The problem →
Should a picture appear anywhere in the data, omit it and copy everything else exactly.

Records →
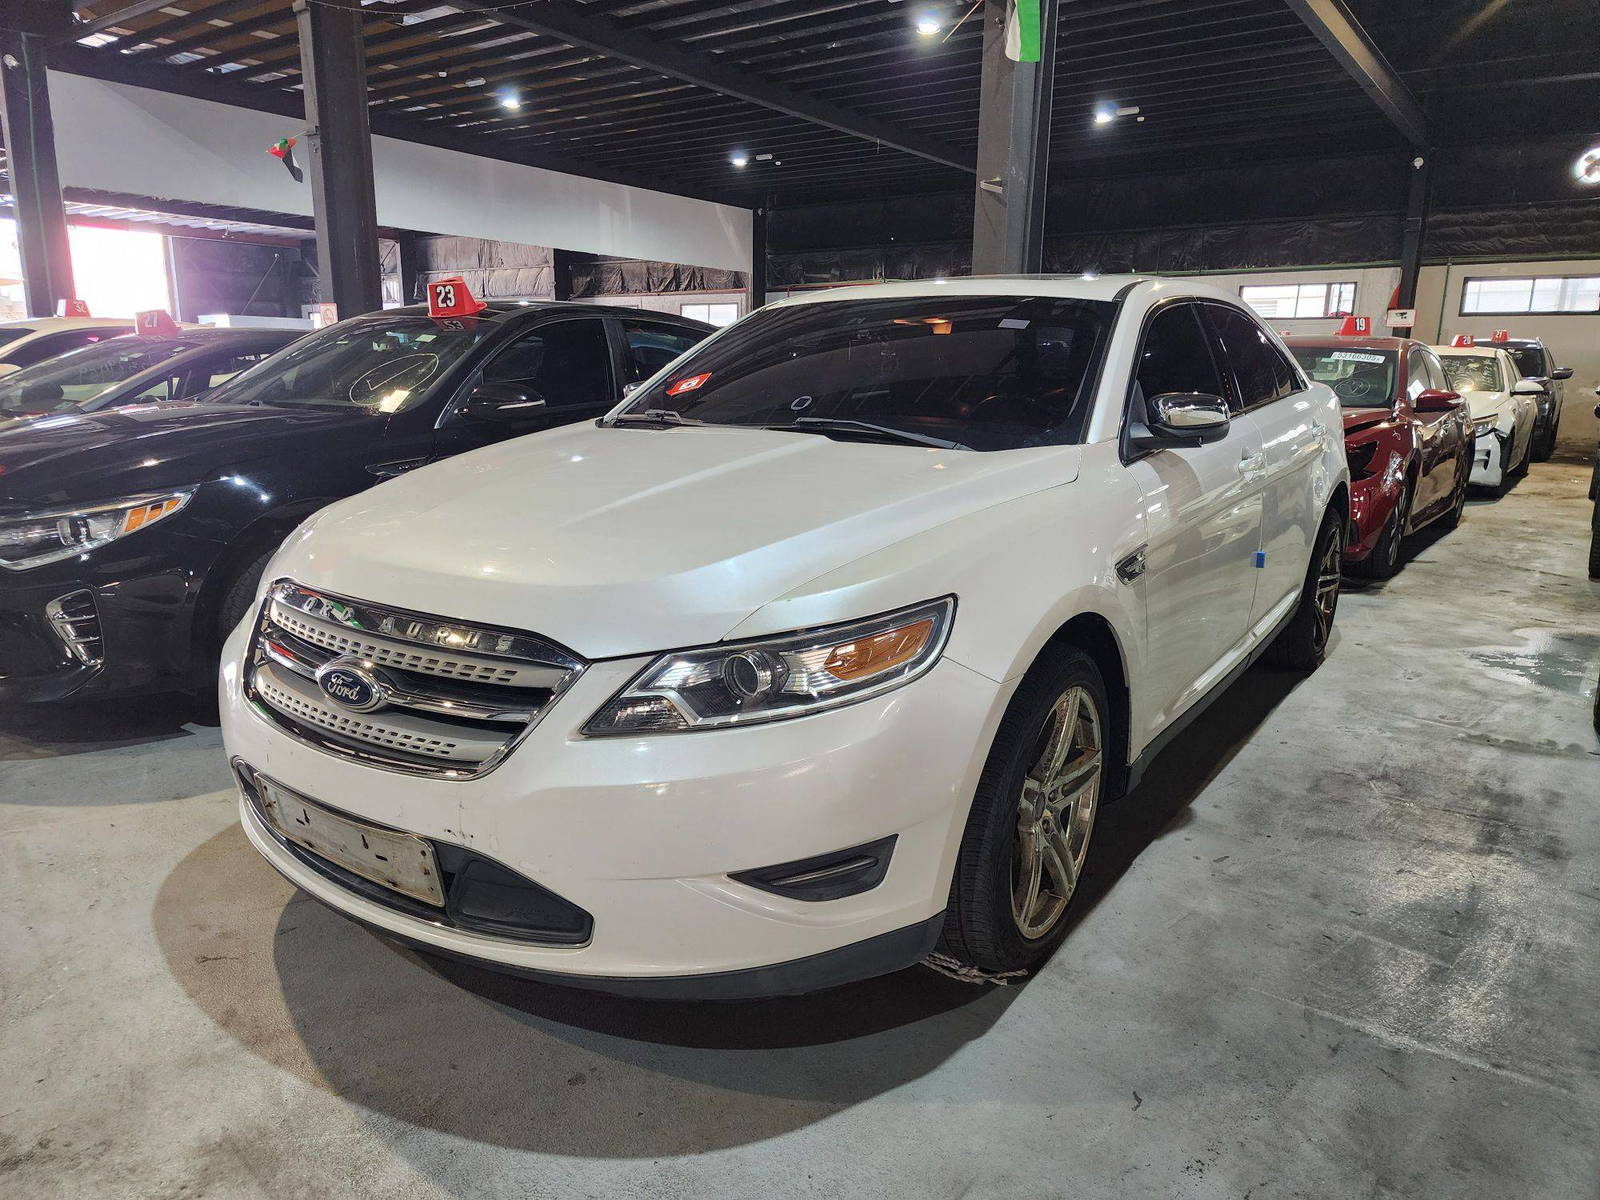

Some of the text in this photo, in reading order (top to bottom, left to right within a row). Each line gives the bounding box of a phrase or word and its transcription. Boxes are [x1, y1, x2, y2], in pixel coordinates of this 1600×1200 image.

[436, 285, 456, 308] 23
[1355, 317, 1366, 331] 19
[327, 672, 359, 701] Ford
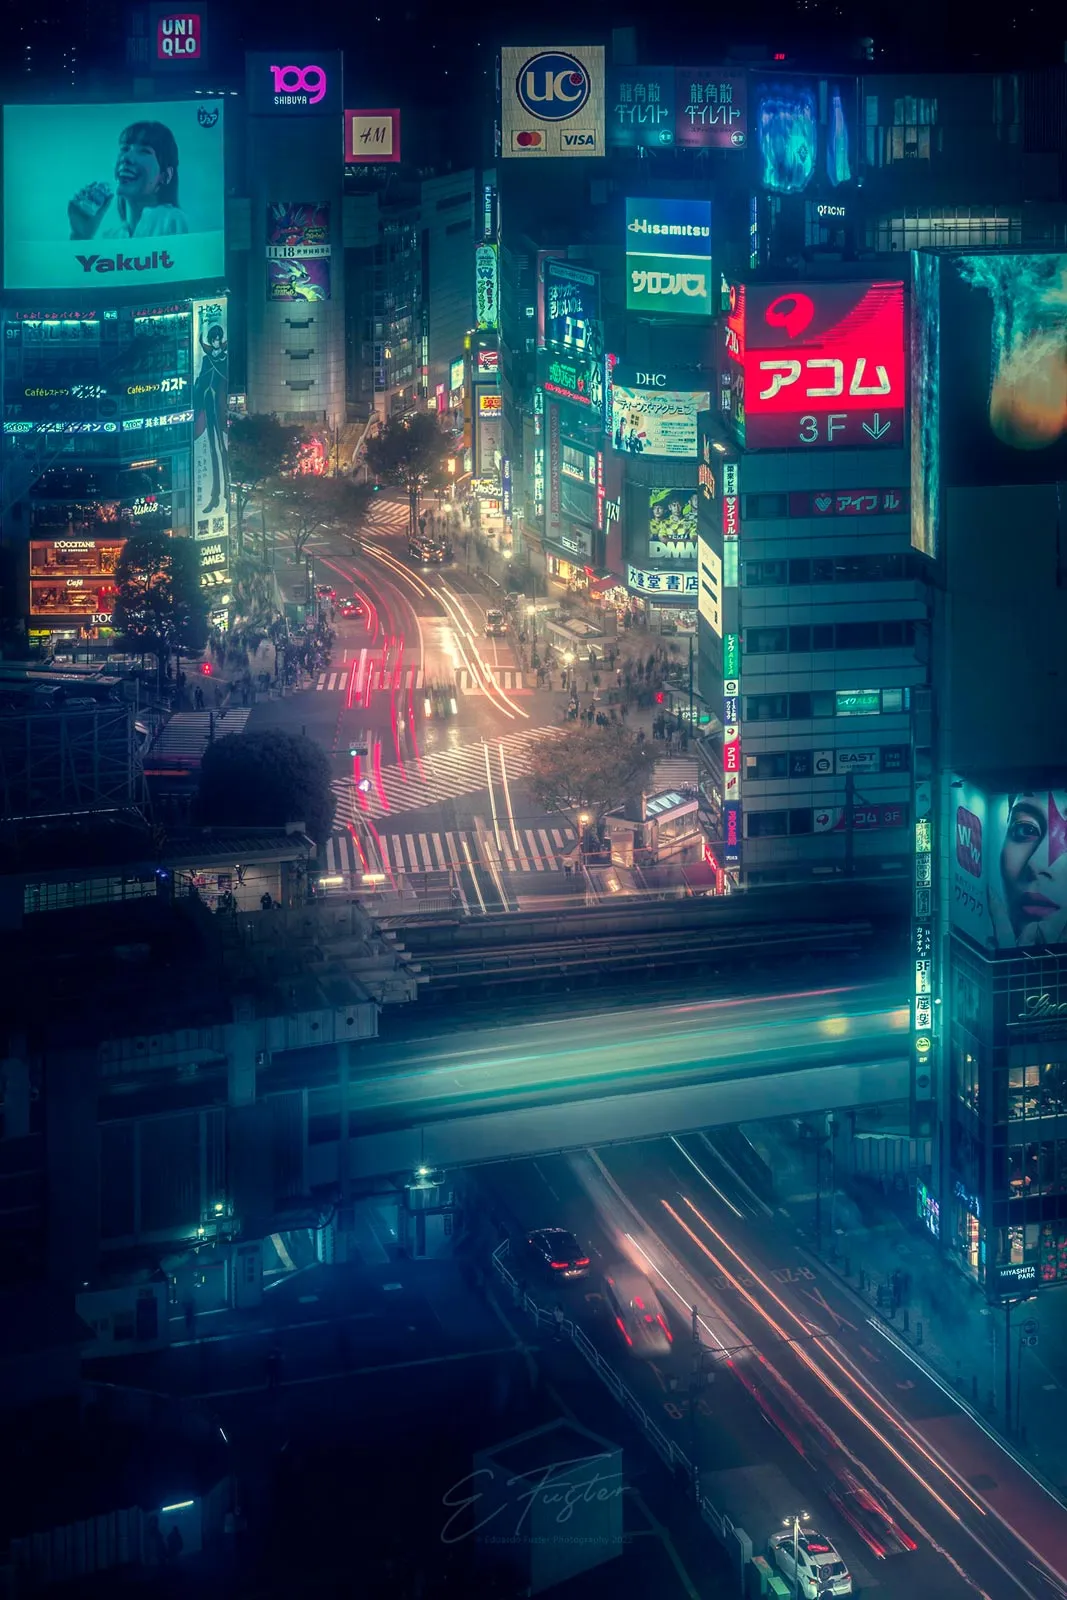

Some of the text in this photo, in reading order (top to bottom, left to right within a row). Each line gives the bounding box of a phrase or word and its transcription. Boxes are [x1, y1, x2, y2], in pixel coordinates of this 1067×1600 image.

Written solution →
Some of the text in this photo, in reading order (top to bottom, left to right within a row). Each line gives the bounding box of a phrase or word and its transcription. Boxes are [x1, y1, x2, y2], in pixel coordinates of this 1600×1200 image.

[436, 285, 456, 308] 23
[1355, 317, 1366, 331] 19
[327, 672, 359, 701] Ford

Some of the text in this photo, in reading order (top to bottom, left to right within a row). Each line gives the bounding box of a phrase or word and its transcription. Boxes are [x1, y1, x2, y2], in pixel coordinates of this 1067×1600 image.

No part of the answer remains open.